The inclusion and exclusion criteria were adopted from Bhanothu et al.[11] All patients met the inclusion criteria, i.e., 18–40 years of age with, pelvic pain, scanty menstruation with irregular periods, dysmenorrhea, oligomenorrhea, amenorrhea, general malaise, and menorrhagia leading to the abortions. Radiological findings may or may not be indicating TB. Laparoscopic findings including: (1) evocative diagnosis of TB (occurrence of caseation, granuloma/tubercles and/or beaded/thickened tubes); (2) possible diagnosis of TB (hydrosalpinx, peritubal/periovarian adhesions, and tubo-ovarian mass without frank tubercles/caseation); (3) incidental findings (pelvic pathology other than pelvic inflammatory disease including fibroid uterus, endometriosis, polycystic ovaries); and (4) normal findings. Histopathological findings indicating chronic inflammation or lesions such as proliferative solid epithelioid granulomas, dense polymorphonuclear cells, lymphocytic infiltrations, giant or beaded cells, enlarged lymphoid cells, and accumulation of plasma and spindle cells. The demonstration of tubercle bacilli in culture, Z–N staining of MB fluids, pelvic aspirated fluids, endometrial curetting, ET biopsies, and ovarian tissue biopsies were considered.
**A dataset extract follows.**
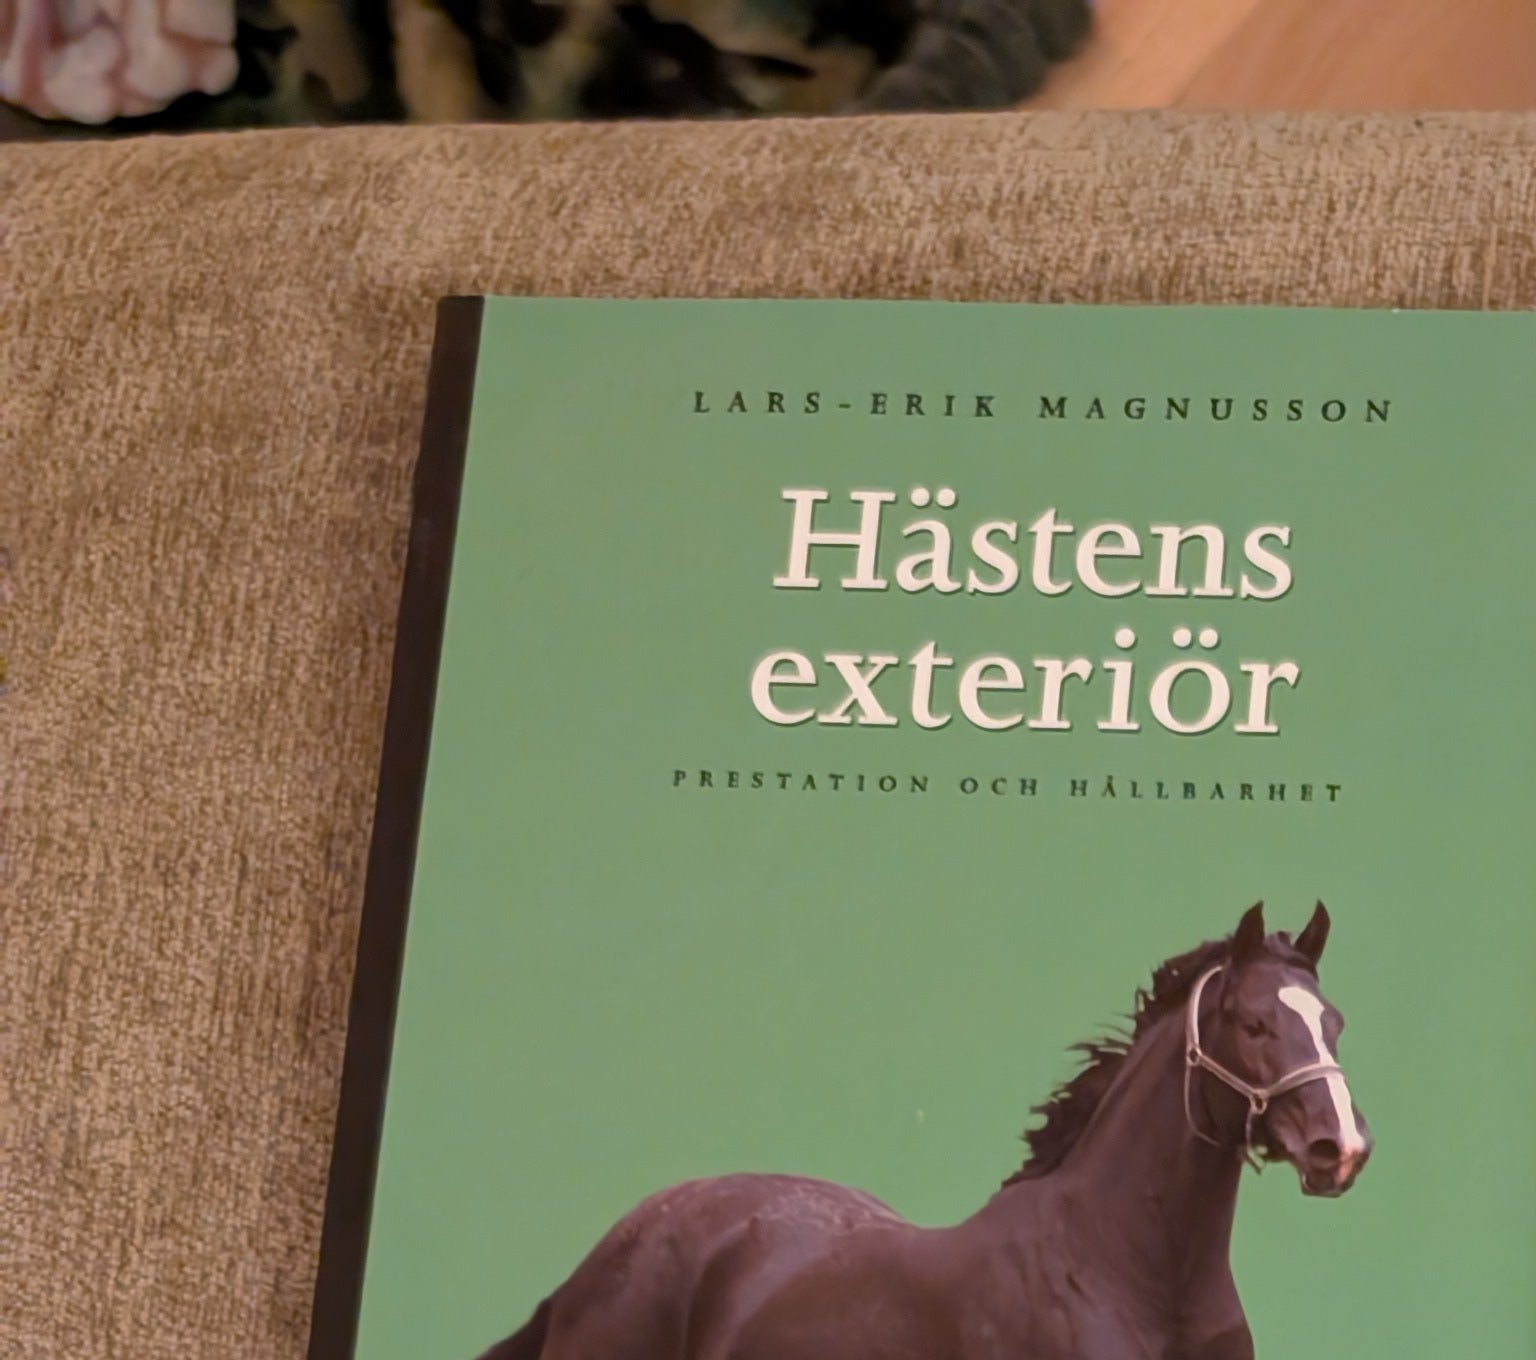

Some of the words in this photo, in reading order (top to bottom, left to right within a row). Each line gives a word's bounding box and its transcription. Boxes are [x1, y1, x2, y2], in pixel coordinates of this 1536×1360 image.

Exclusion criteria were as follows: women above 40 years of age, symptoms suggestive of pulmonary TB/extrapulmonary TB except infertility, with normal abdominal and vaginal examinations, with pregnancy or nursing, severe psychiatric dysfunctions, endocrine problems, sexual disorders, multiple sclerosis or other autoimmune disorders, pulmonary infections, HIV co-infection, women with diabetes, malnutrition, and other medical disorders such as hypertension, peritoneal adhesions due to previous abdominal surgery, infertility due to male factors, and abnormality in ovulations.

Collection of samples

A total of 194 females were included in this study who fulfilled the inclusion criteria. ET was collected in normal saline 2–3 days before the anticipated day of next menstrual cycle, i.e., in the premenstrual phase of the same cycle. After taking informed consent and making sure that there had been no sexual exposure in that cycle, the ET biopsy samples were collected by curetting the endometrial cavity using the Novak's cannula with or without dilating the cervix under deep sedation or anesthesia. The patients were advised to attend the clinic on the 2nd day of the menstrual cycle for the collection of MB. Menstrual flow is usually adequate on the 2nd day of the menstrual cycle. Sampling was done by convenience sampling technique. MB sample was collected from the cervix by a syringe into sterile containers. Samples, hence collected were immediately sent to the microbiology laboratory for further investigation.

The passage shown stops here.